• Luke

Navigating the Northern hemisphere

The Big Dipper can be used reliably to find your way around the sky and around Earth as well. Here’s how:


step 1) Locate the Big Dipper


The Big Dipper is very iconic and with its bright stars it’s usually one of the first things to jump out at you. Currently look for the Big Dipper very low in the northern sky (slightly east of due north) just after sunset. Depending on the time of year at sunset, the Big Dipper ranges from in the north-east from February to March, high in the north from April to May, in the north-west from June to October, and very low on the northern horizon November to January.





step 2) Find the North Star (Polaris) with the Big Dipper


One of the reasons the Big Dipper is so iconic is because it has been used for centuries to find the North Star. The two stars that make the end of the vessel of the Big Dipper are called “the pointer stars” because they point at the North Star. Make an imaginary line with these stars and trace it until you run into another star of similar brightness to the pointers, this is the North Star. (it’s a common misconception that the North Star is a particularly bright star; it’s really of similar brightness to the stars in the Big Dipper).






step 3) Find north with the North Star


Now that you found the North Star all you have to do is drop a line directly down to the horizon from that star and that’s due north!


Step 4) find your latitude with the North Star


The North Star can also tell you latitude; all you have to do is measure what angle the North Star is above the northern horizon and that’s your latitude.

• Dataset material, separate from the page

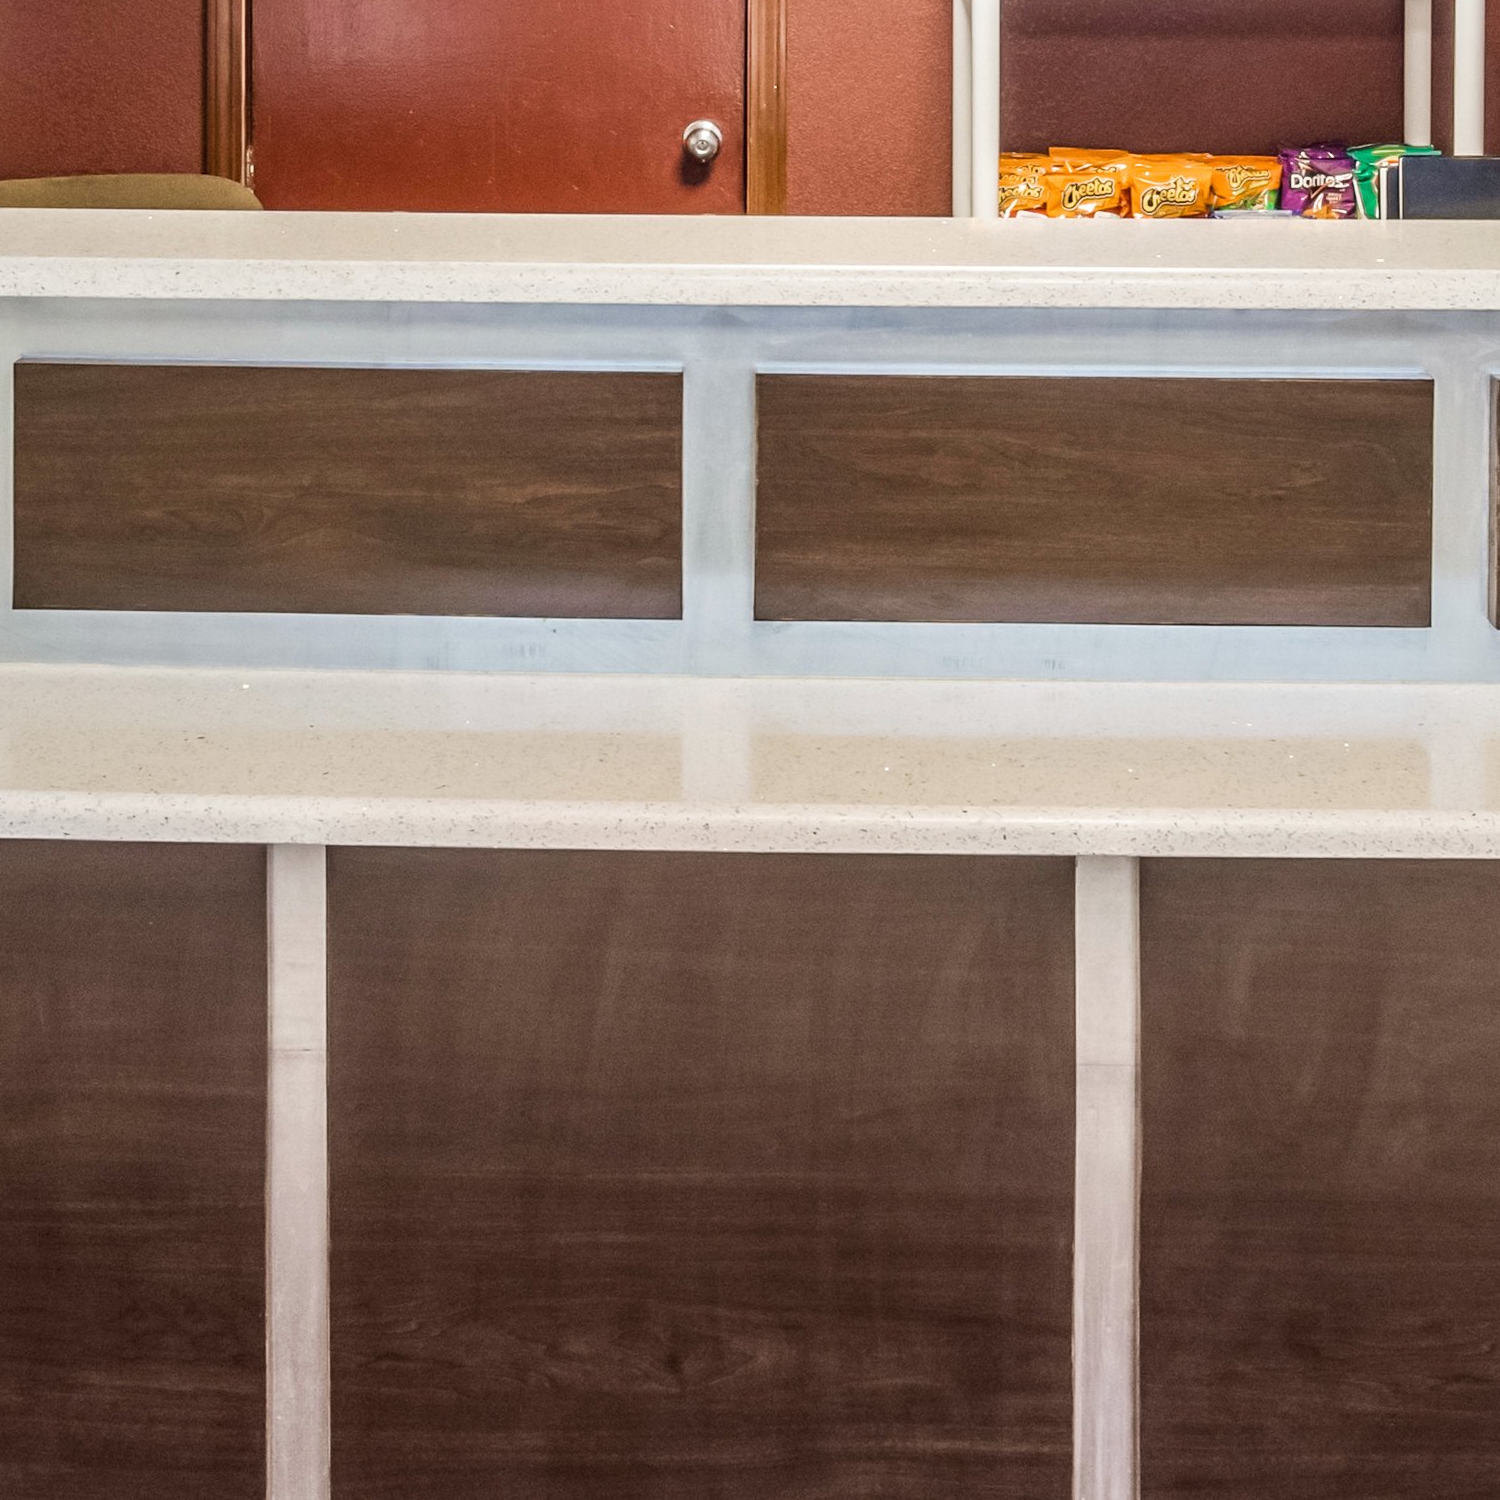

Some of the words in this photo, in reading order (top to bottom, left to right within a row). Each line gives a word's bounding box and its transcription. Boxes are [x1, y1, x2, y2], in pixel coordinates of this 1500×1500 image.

There’s a very ‘handy’ way of doing this with the pointer stars (the stars at the end of the vessel of the big dipper). Hold your hand out at a full arms length and measure how many fingers fit between the pointer stars (usually three fingers). The pointer stars are almost exactly 5 degrees apart so now all you have to do is count how many fingers fit between the horizon and the North Star and you have a rough estimate of how far north you are on the planet.





For example Baseline Road in south Boulder is called “baseline” because it is surveyed to be on the 40th parallel. If three fingers fit between the pointer stars, you would find standing on the sidewalk of Baseline Road eight sets of three (or 24 fingers) fit between the horizon and the North Star proving Baseline Road is exactly 40° north.



Baseline Rd extending across Colorado as seen from Sunrise Amphitheater


Tip: for the longitude measurement to work you have to start on the true horizon. Imagine you’re on a boat in the middle of the ocean, where the water meets the sky is your true horizon. Do not use trees/buildings/mountains as the start of the horizon as measuring up any higher than the true horizon will make your measurement inaccurate.